(Collected data)
§

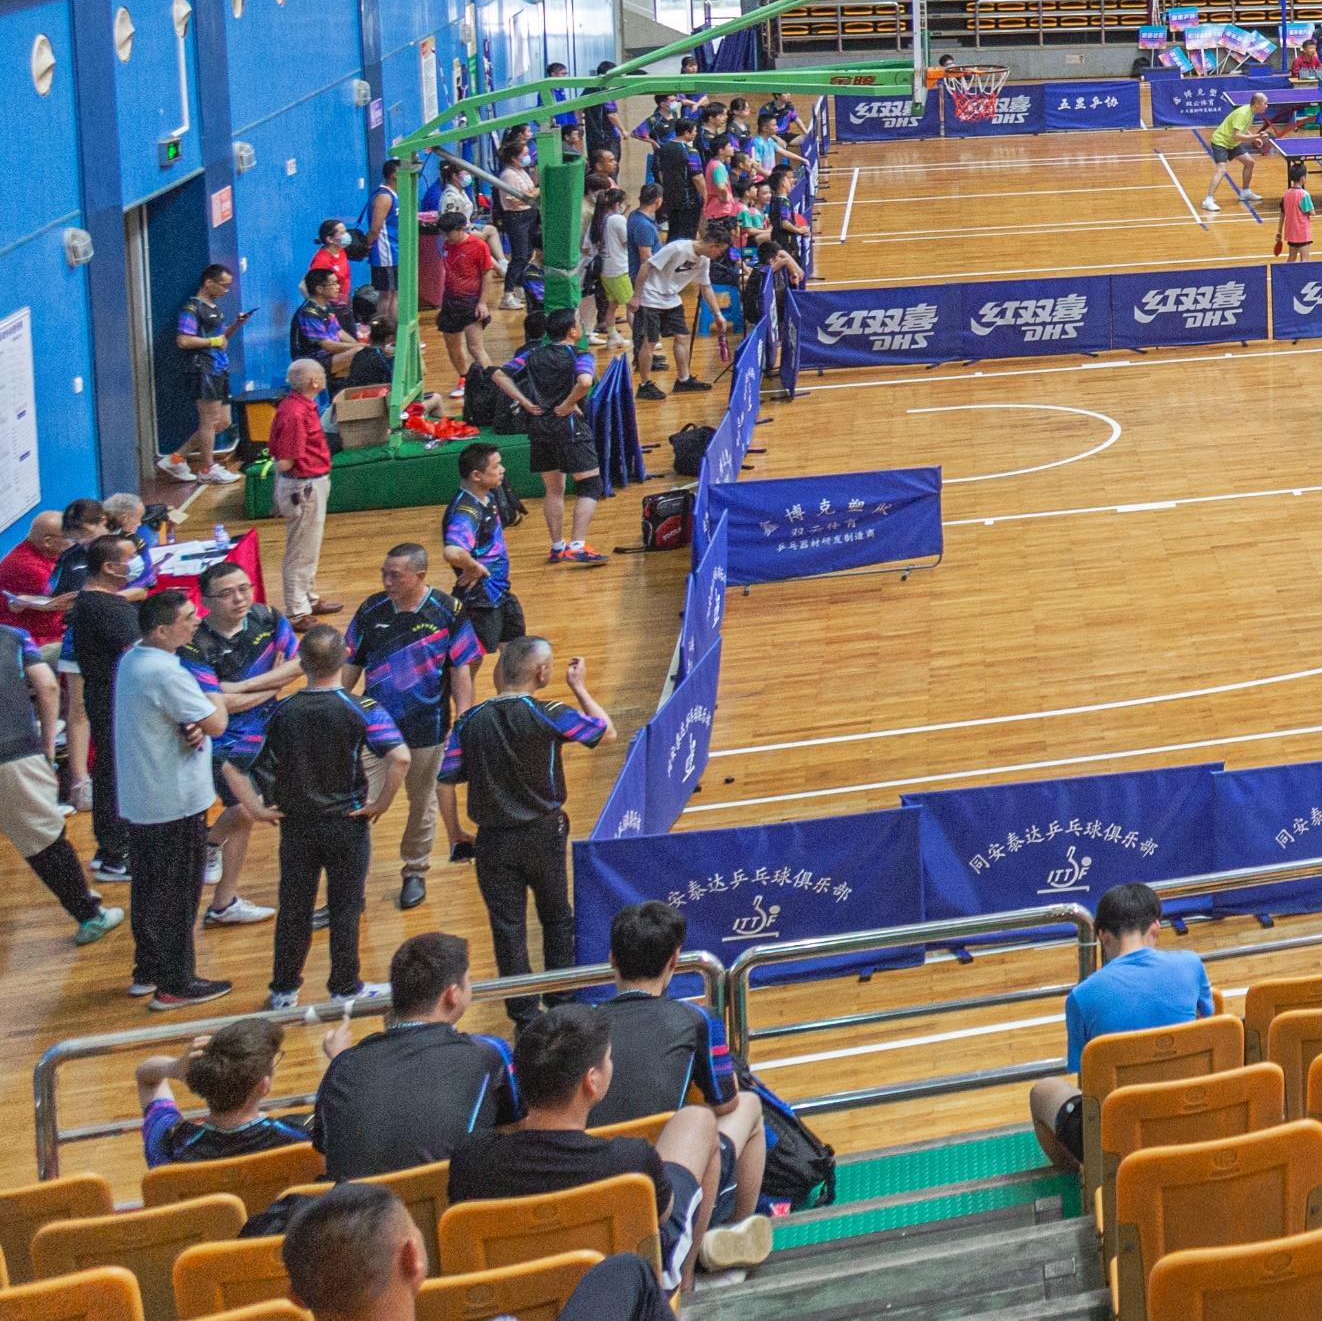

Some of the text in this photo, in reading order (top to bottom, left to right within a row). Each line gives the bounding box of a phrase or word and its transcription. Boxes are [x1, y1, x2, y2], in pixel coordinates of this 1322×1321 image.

[991, 112, 1030, 124] DHS
[970, 293, 1088, 335] 红双喜
[1134, 281, 1246, 323] 红双喜
[1184, 308, 1244, 328] DHS
[817, 303, 938, 345] 红双喜
[869, 330, 935, 351] DHS
[1023, 321, 1085, 342] DHS
[969, 819, 1158, 875] 同安泰达乒乓球俱乐部
[667, 867, 854, 908] 安泰达乒乓球俱乐部

§

Exercise aim
Retype the lines above exactly, no pictures.

Written answer
Some of the text in this photo, in reading order (top to bottom, left to right within a row). Each line gives the bounding box of a phrase or word and its transcription. Boxes are [x1, y1, x2, y2], in pixel coordinates of this 1322×1321 image.

[991, 112, 1030, 124] DHS
[970, 293, 1088, 335] 红双喜
[1134, 281, 1246, 323] 红双喜
[1184, 308, 1244, 328] DHS
[817, 303, 938, 345] 红双喜
[869, 330, 935, 351] DHS
[1023, 321, 1085, 342] DHS
[969, 819, 1158, 875] 同安泰达乒乓球俱乐部
[667, 867, 854, 908] 安泰达乒乓球俱乐部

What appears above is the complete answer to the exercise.